Even, if I’ll briefly re-explain some of the concepts.

To generate the QRCode, we’re going also to use an existing very cool library named qrcode.js created by Jerome Etienne and available on github: http://jeromeetienne.github.com/jquery-qrcode/

This tutorial is just a combination of all these resources!

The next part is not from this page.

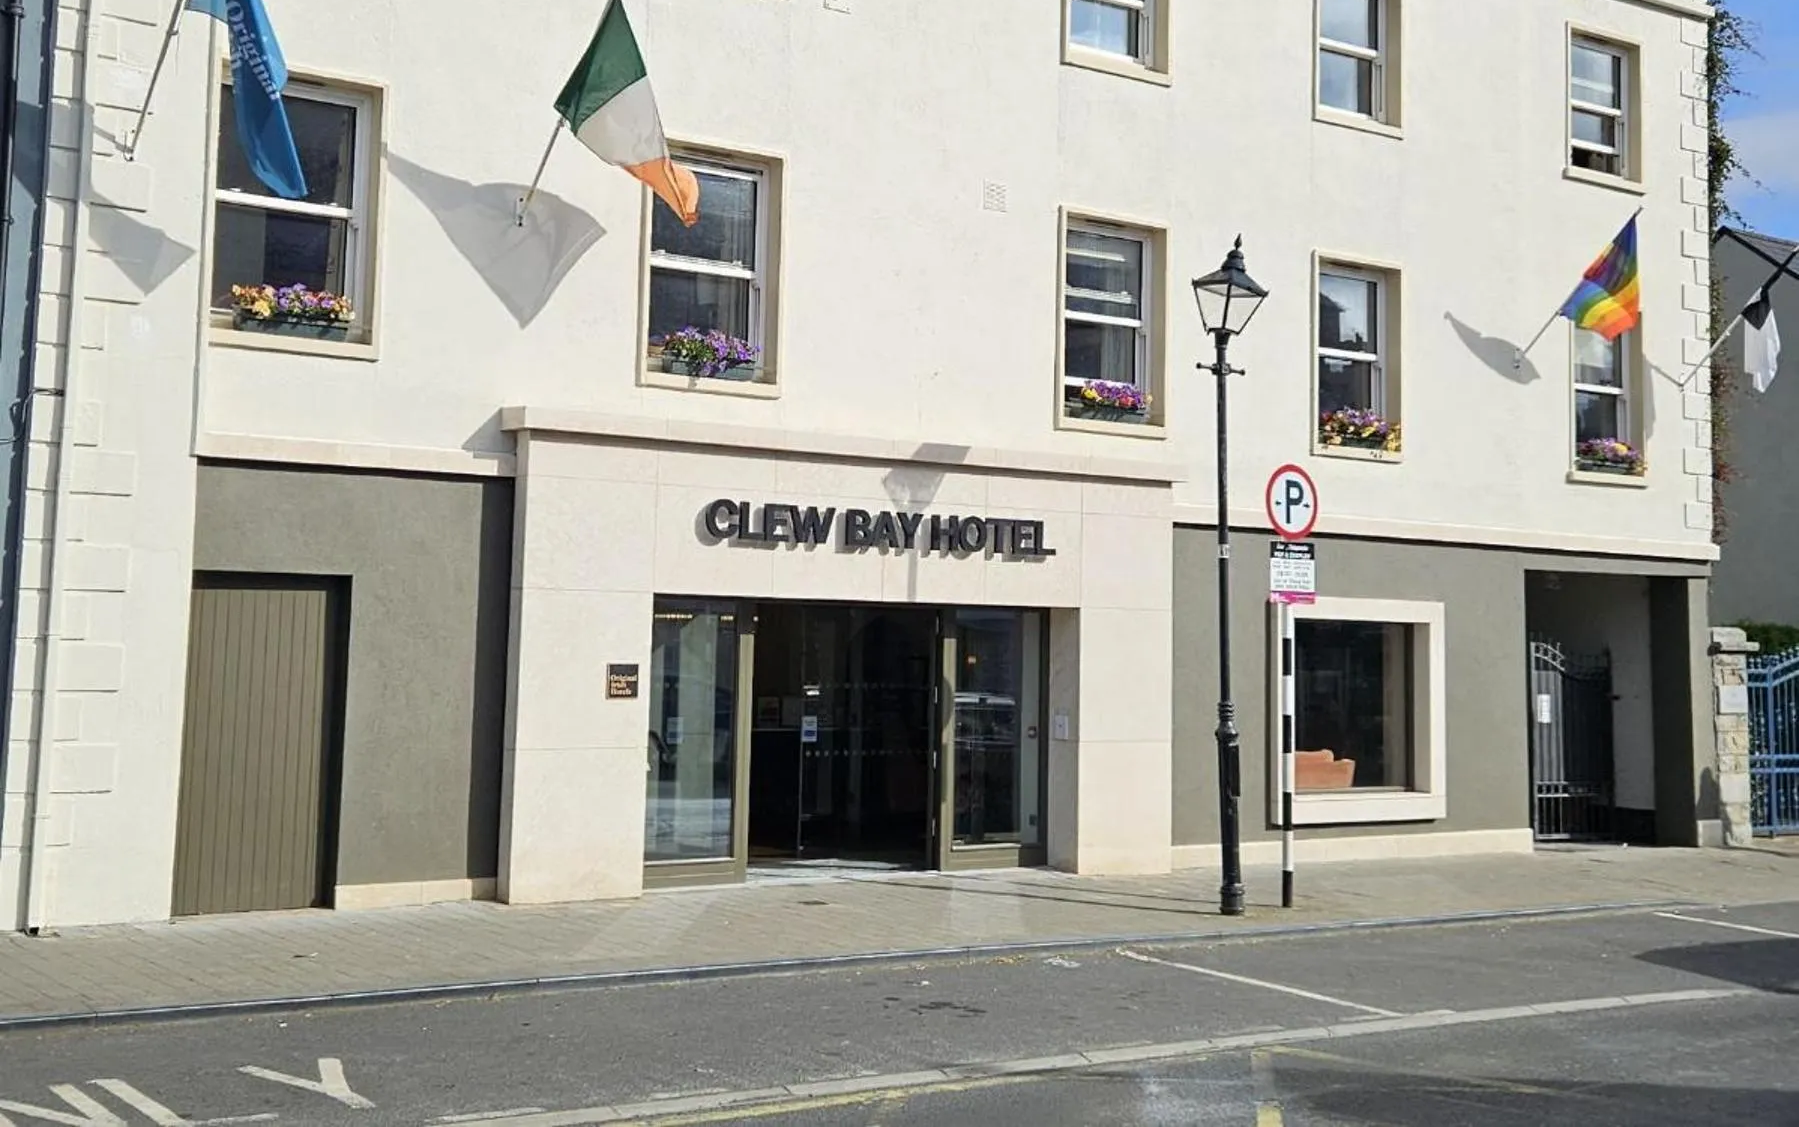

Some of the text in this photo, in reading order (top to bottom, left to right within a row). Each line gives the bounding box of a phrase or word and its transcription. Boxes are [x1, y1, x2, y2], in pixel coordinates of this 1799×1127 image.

[226, 0, 281, 101] Original
[705, 498, 1057, 556] CLEW BAY HOTEL
[1286, 479, 1304, 524] P

Clignement d'œil

Step 1: creating our playground

Create a web project using your favorite tool (mine is Visual Studio 2013) on your favorite web server.

Create a new “index.html” file at the root of the project and put this code inside it:

<!DOCTYPE html>
<html>
<head>
    <title>Babylon.js - Coding4fun - 3D QRCode Maze</title>
    <link href="css/main.css" rel="stylesheet" />
    <script src="scripts/qrcode.js"></script>
    <script src="scripts/cannon.js"></script>
    <script src="scripts/babylon.js"></script>
    <script src="scripts/coding4fun.js"></script>
</head>
<body>
    <canvas id="canvas" class="offScreen"></canvas>
</body>
</html>

Create a “scripts” folder and put the 3 library you have downloaded in the pre-requisites: babylon.js, cannon.js & qrcode.js.

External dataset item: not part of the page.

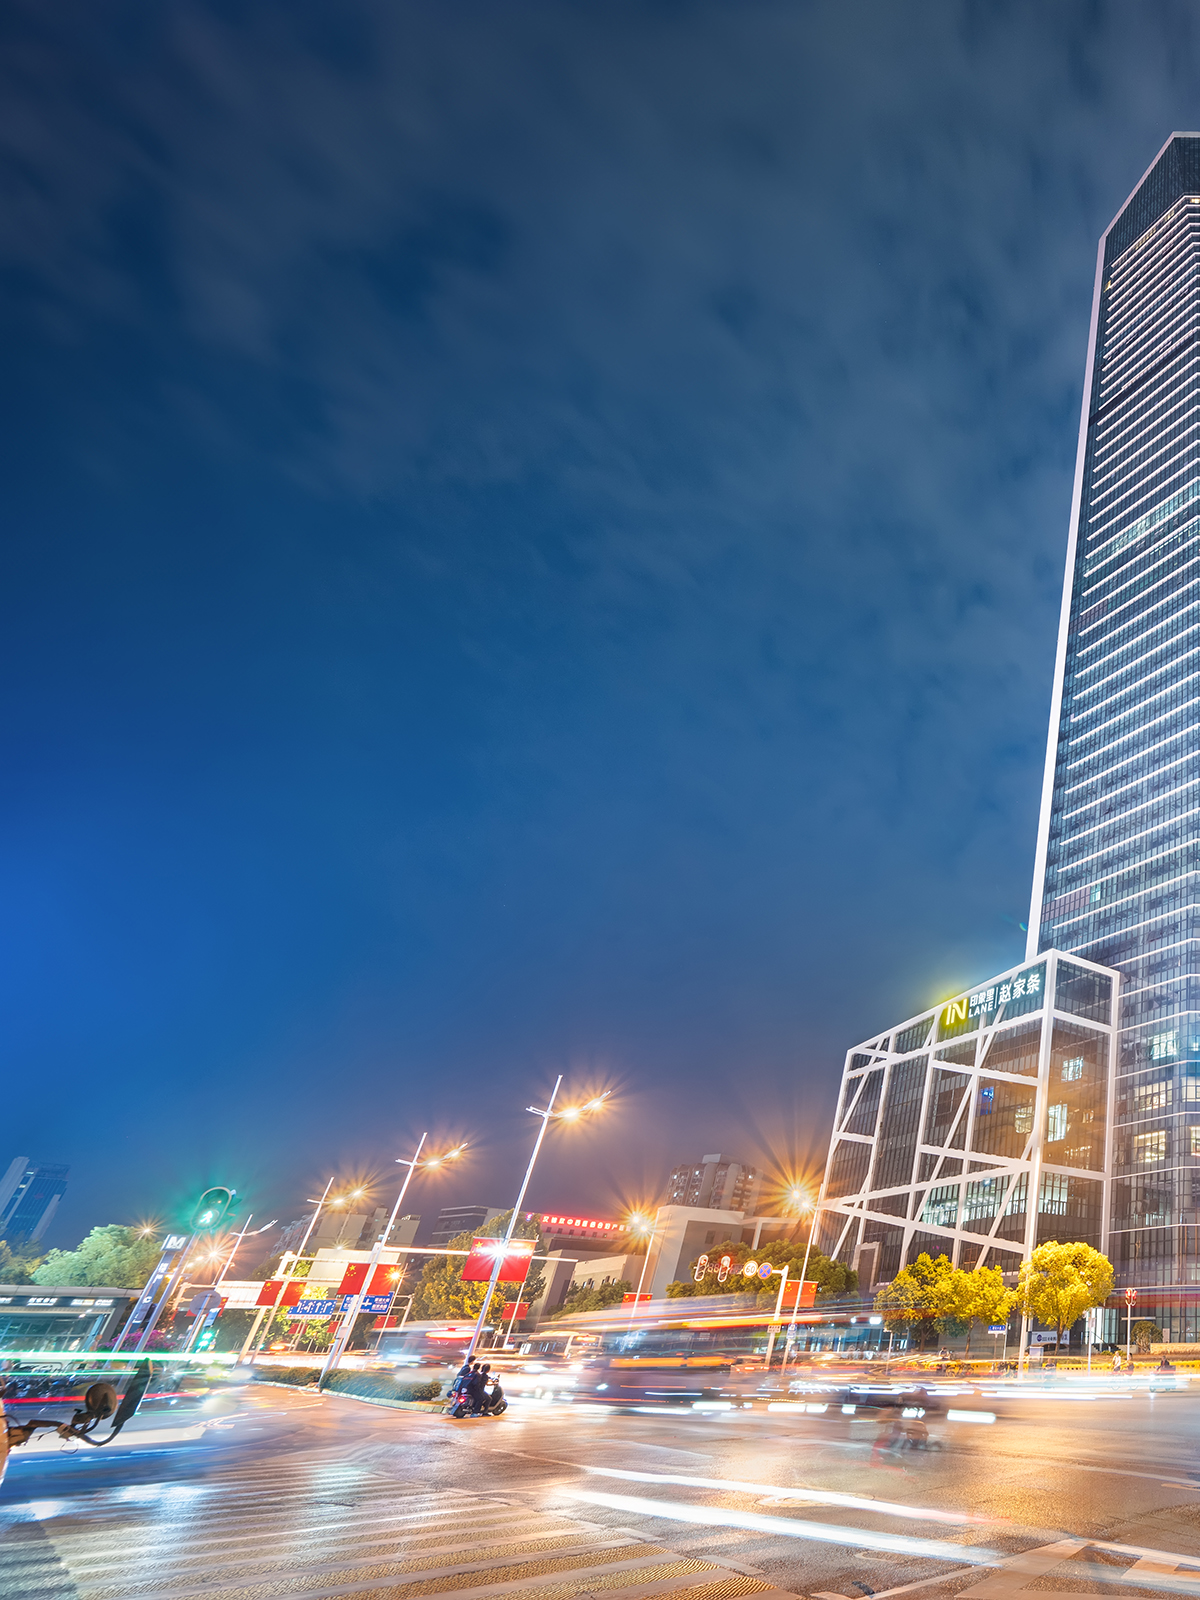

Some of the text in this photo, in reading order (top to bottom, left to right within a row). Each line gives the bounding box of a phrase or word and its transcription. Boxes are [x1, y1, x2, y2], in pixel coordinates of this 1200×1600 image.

[969, 988, 995, 1006] 印象里
[998, 974, 1040, 1004] 赵家条
[968, 1001, 994, 1018] LANE
[745, 1265, 756, 1274] 60

Create a “css” folder and put a “main.css” file into it with the following content:

html, body, #canvas {
    width: 100%;
    height: 100%;
    padding: 0;
    margin: 0;
    overflow: hidden;
    touch-action: none;
}

Download the “textures” folder from here: textures.zip and add it to your web project resources. These are the assets we’re going to use for this tutorial.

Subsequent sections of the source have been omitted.